El pelo se le escapa detrás de la oreja. Está apenas encorvada detrás de una mesa de café sin ninguna intimidad y sin embargo ahí la despliega, al menos en una confesión última, la confesión de una pérdida: ella, dice, ha sido arrasada por su propia corriente. Tan vertiginoso fue el río de su vida que no hubo más timón que los acontecimientos. Susan Meiselas tenía que mirar. Mirar y fotografiar, tal vez porque esas imágenes que recortó y ahora animan el cuerpo de su obra son los puntos fijos que transforman la deriva en un derrotero particular: Ha sido testigo. ¿Y eso la rescata del silencio que la espera cada vez que vuelve de un viaje? No todas las preguntas tienen respuesta, y ésta tampoco. Hasta el idioma se confunde para ella cuando entra en el túnel estrecho de la intimidad. Entonces, la lengua materna se le hace esquiva para decir lo más sencillo: Estuve viajando, estuve soñando con los que soñaban con cambiarlo todo, estuve rescatando del olvido las imágenes que se negaron a morir en algún genocidio, estuve mirando con los ojos de todos los actores, los que amé y los que detesté, los que admiré y los que temí. Claro que ahora que algunos sueños de cambio han muerto, la nostalgia es una marea que la obliga a inventariar su propia pérdida, eso que no hizo porque hacer para ella, durante demasiados años, fue mirar y dar cuenta de lo que veía.

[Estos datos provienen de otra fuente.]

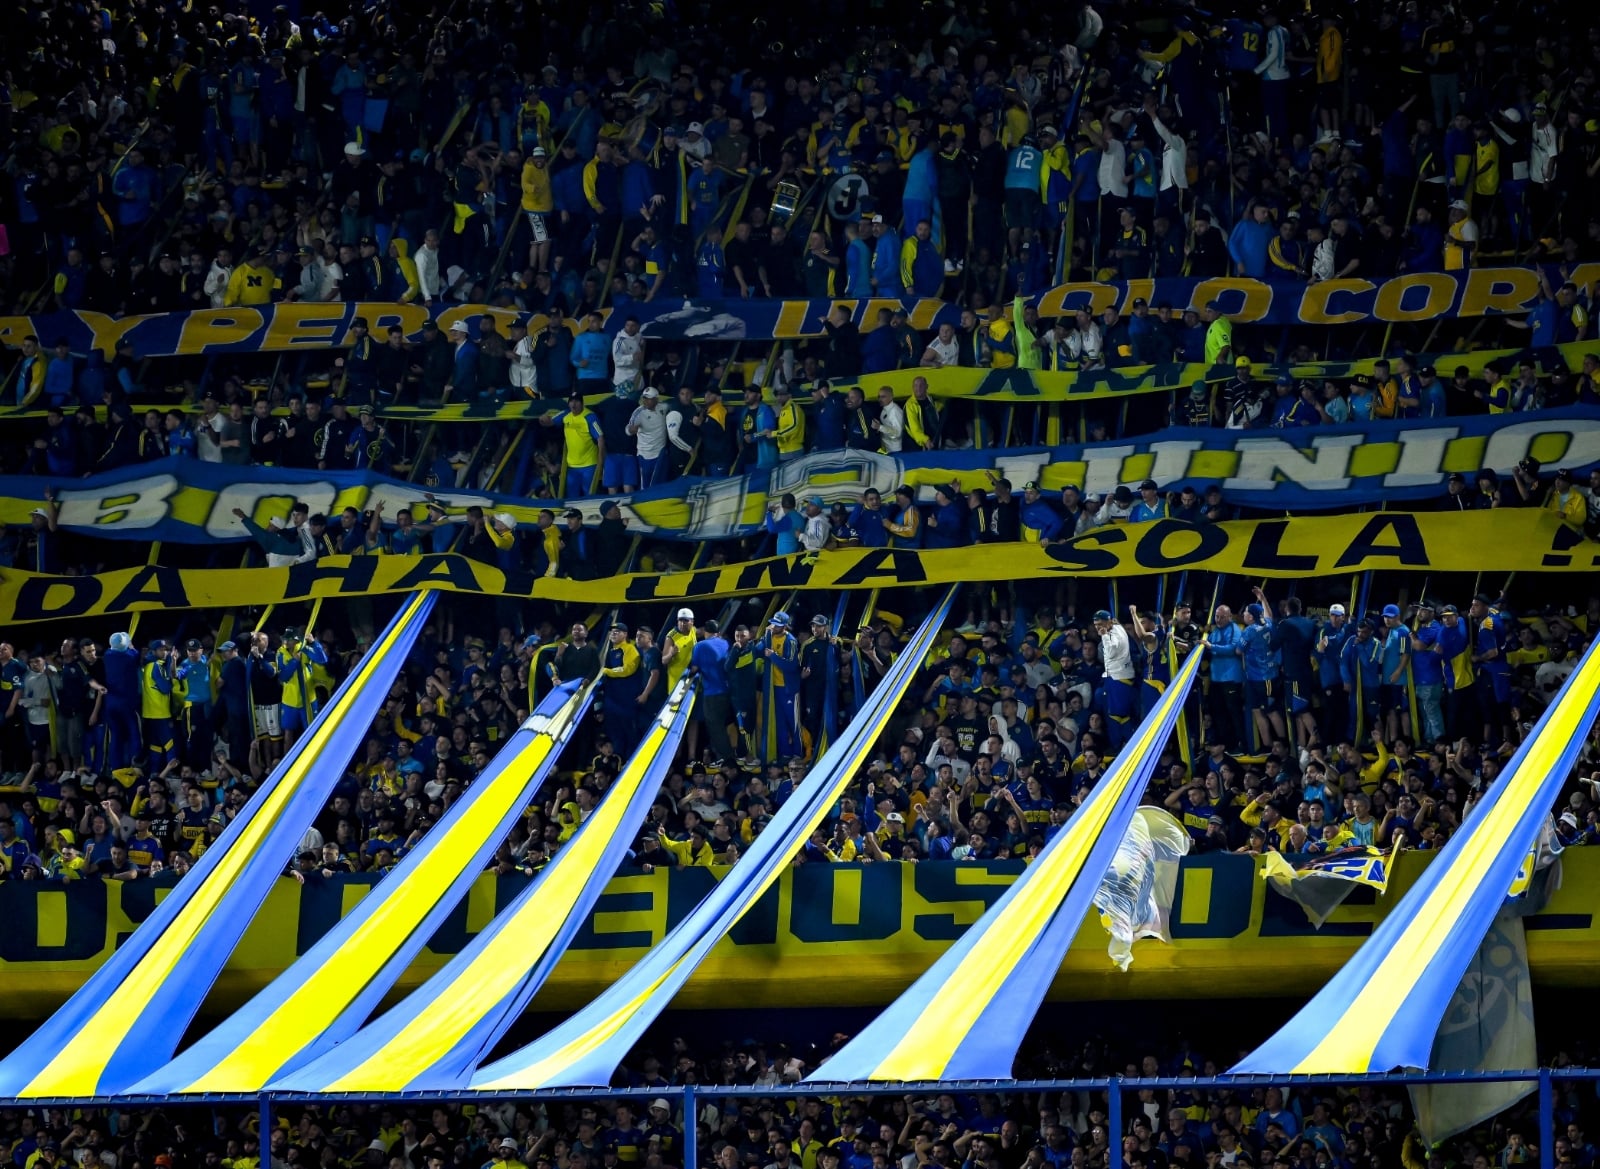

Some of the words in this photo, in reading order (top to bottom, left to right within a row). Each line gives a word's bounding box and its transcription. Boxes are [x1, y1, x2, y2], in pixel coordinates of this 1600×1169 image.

Hubo un tiempo en que la fotografía era una herramienta para esta mujer menuda de uñas desparejas –una directamente cortada al ras, amputada de su meñique por obra de la acción constante que no da respiro y ahora la tiene atareada en un taller para fotógrafos locales que promovió la Fundación Proa–. Era una herramienta, entonces, que servía a su trabajo de maestra de niños especiales, esos que tampoco pueden quedarse quietos y entonces no llegan a ver, a encontrar su lugar en el mundo. Niños hiperactivos a los que ella les pedía que detengan una escena, que se tomen el tiempo para observar a la comunidad que los rodeaba y que después le cuenten una historia. La historia de esa foto. Maestra y alumnos descubrían así otra manera de ver, una que se escapaba de la urgencia del tiempo. Eran los tempranísimos ’70, todavía sentía Meiselas el eco de 1968 en su propio cuerpo, que había puesto en la calle para pedir por una universidad distinta, por democracia real, basta de guerra, queremos lo imposible de este lado del océano –del lado en que Nueva York se moja los pies– también. Ese eco, dice, era un poder. Tenía 20 años, el feminismo era el aire que se respiraba y le permitía la certeza de que podía ser y hacer cualquier cosa. No todas las cosas, aclara, sencillamente habían ampliado exponencialmente las posibilidades de elegir.Y eligió, al menos la elección se fue desplegando mientras buscaba. Comenzó a hacer eso mismo que enseñaba a los alumnos difíciles de las escuelas primarias, y a sus maestros. Capturaba momentos en imágenes y hacía hablar a los protagonistas de esos cuadros fijos. ¿Qué mejor para ese juego entre lo que se escapa y lo que se fija que las ferias itinerantes que van de Estado en Estado con sus luces de colores cuando el calor del carnaval empieza a enfriarse? Esas escenas la encandilaron (¿la desafiaron?). Y dentro de esas ferias estaban los carromatos de strippers, mujeres como ella, tan atravesadas por la época como ella, que ponían en juego su cuerpo para conseguir independencia.–Fue un accidente o una coincidencia haberme topado con las strippers en la última parte del verano de 1973. Pero me fascinó. Sus miradas, el modo en que trabajaban. Eran muy trabajadoras en un momento en que el cuerpo y su exhibición estaban en discusión, eran mujeres hechas o puestas ahí para atraer hombres, para enfrentarlos y también para saber esconderse. Me cautivaba su manera de hablar, muy directa, sin eufemismos.

¿Interpelaban tu identidad como mujer?

–Creo que sentí algo satisfecho después de ese contacto, no sé si mi identidad como mujer se transformó pero sí me abrieron a la posibilidad de ser fotógrafa, que en ese momento era ser otra. Yo no sabía que quería hacer esto, no tenía idea. Fue en ese diálogo que apareció la fotógrafa, aunque todavía sigo buscando saber de qué se trata la fuerza de la fotografía. No es un informe, un documento tal vez, pero siempre que haya un sentimiento puesto en común. En esas fotos yo no estoy, pero me siento presente.

Fotógrafa y fotografiadas, ¿las dos puntas se modificaban?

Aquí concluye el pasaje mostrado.